При пылкости своего характера, нередко доходившей до опрометчивости, Дюмурье вряд ли пробыл бы с 7-го по 11-е число в Монсе и дал герцогу Саксен-Тешенскому спокойно удалиться, если бы административные мелочи не поглотили его внимания, тогда как оно должно было быть сосредоточено исключительно на военных делах. Он составил весьма дельный план: самому заключать с бельгийцами договора о продовольствии, фураже и всяких припасах. Это представляло множество выгод. Такие закупки весьма заинтересовывали бельгийцев в присутствии французов, требуемые предметы имелись в наличии, и промедлений быть не могло. Получая плату ассигнациями, продавцы сами вынуждены были давать им ход. Это избавляло от необходимости принудительного хождения – обстоятельство очень важное, так как каждое лицо, получающее принудительные деньги, считает себя обкраденным властью, и это самое верное средство возмутить целый народ.
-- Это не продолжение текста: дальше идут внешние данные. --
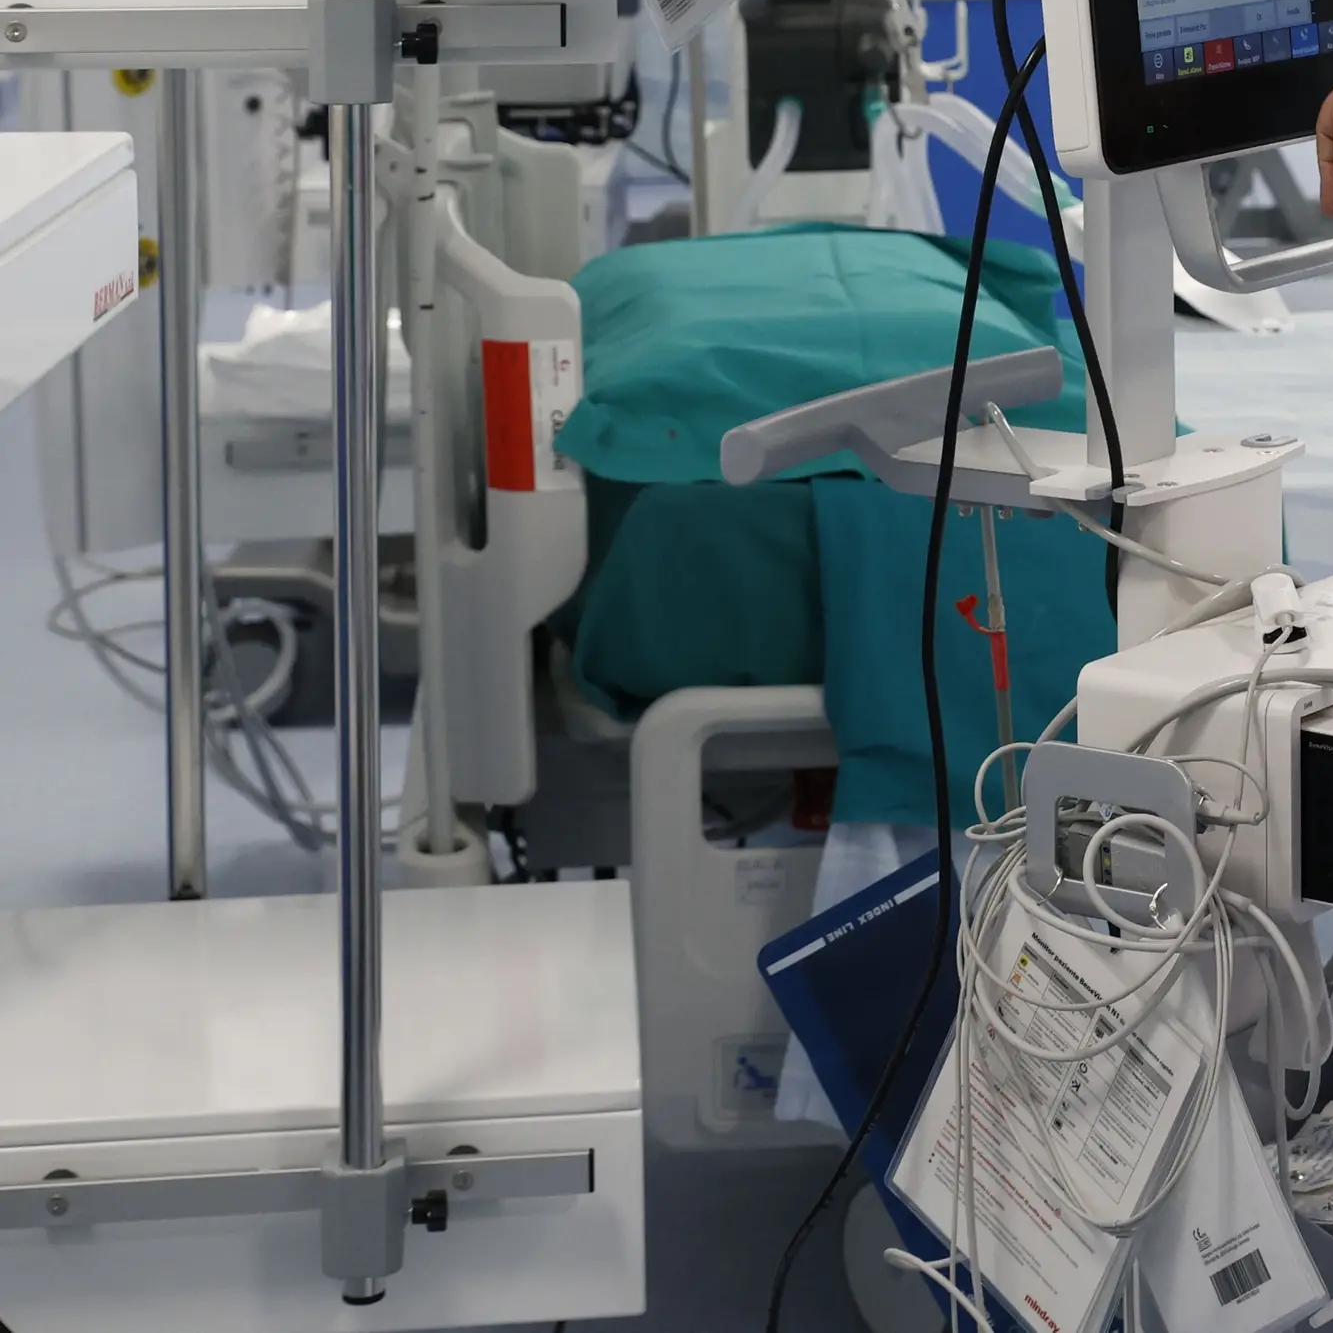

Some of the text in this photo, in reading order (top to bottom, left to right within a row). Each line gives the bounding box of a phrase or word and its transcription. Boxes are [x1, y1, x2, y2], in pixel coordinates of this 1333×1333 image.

Кроме того, Дюмурье думал сделать заем у духовенства, представляя гарантом Францию. Эти займы дали бы ему и фонды, и наличные, а духовенство, хоть и почувствовало бы минутную тяжесть, но было бы спокойно за свое существование и имущество, видя, что с ним ведут переговоры. Наконец, так как Франция впоследствии имела бы право требовать у бельгийцев вознаграждения за войну, предпринятую для их освобождения, то это вознаграждение можно было употребить на уплату займов, и вся война была бы оплачена, а Дюмурье прожил бы за счет Бельгии, нисколько ее не притеснив и не расстроив. Это были гениальные планы, но только планы, а в революционное время гению следует принимать более резкие решения: следует или предвидеть предстоящие беспорядки и насилие и тотчас же ретироваться, или же покориться и решиться на насилие для того, чтобы продолжать приносить пользу. Ни один человек не был настолько отрешен от мира сего, чтобы прийти к первому решению, но нашелся один, который был велик и сумел остаться чистым, приняв последнее. Тот, кто, будучи членом наблюдательного комитета, но не участвуя в его политических деяниях, весь ушел в военные заботы и организовал победу – дело чистое, дозволенное и патриотичное при любых порядках.
Дюмурье заключал договора и совершал финансовые операции через Малю, военного комиссара, которого очень уважал, потому что находил его человеком деятельным и ловким, и не слишком заботился при этом, умеренную тот получает выгоду или нет. Так же пользовались услугами некоего д’Эспаньяка, бывшего аббата, ведущего довольно распутный образ жизни, одного из тех остроумных развратников старого режима, которые всякое ремесло справляли с большим изяществом и ловкостью, но везде оставляли за собой двусмысленную репутацию. Дюмурье отправил д’Эспаньяка в Париж – излагать его планы и хлопотать об утверждении всех принятых им обязательств. Он и без того уже ставил себя в довольно рискованное положение, присваивая себе такую почти диктаторскую власть и выказывая такую умеренность относительно бельгийцев. Но сейчас он компрометировал себя еще и сотрудничеством с людьми уже подозрительными или могущими скоро сделаться таковыми. И так уже поднимался общий ропот против прежних администраций, наполненных плутами и аристократами.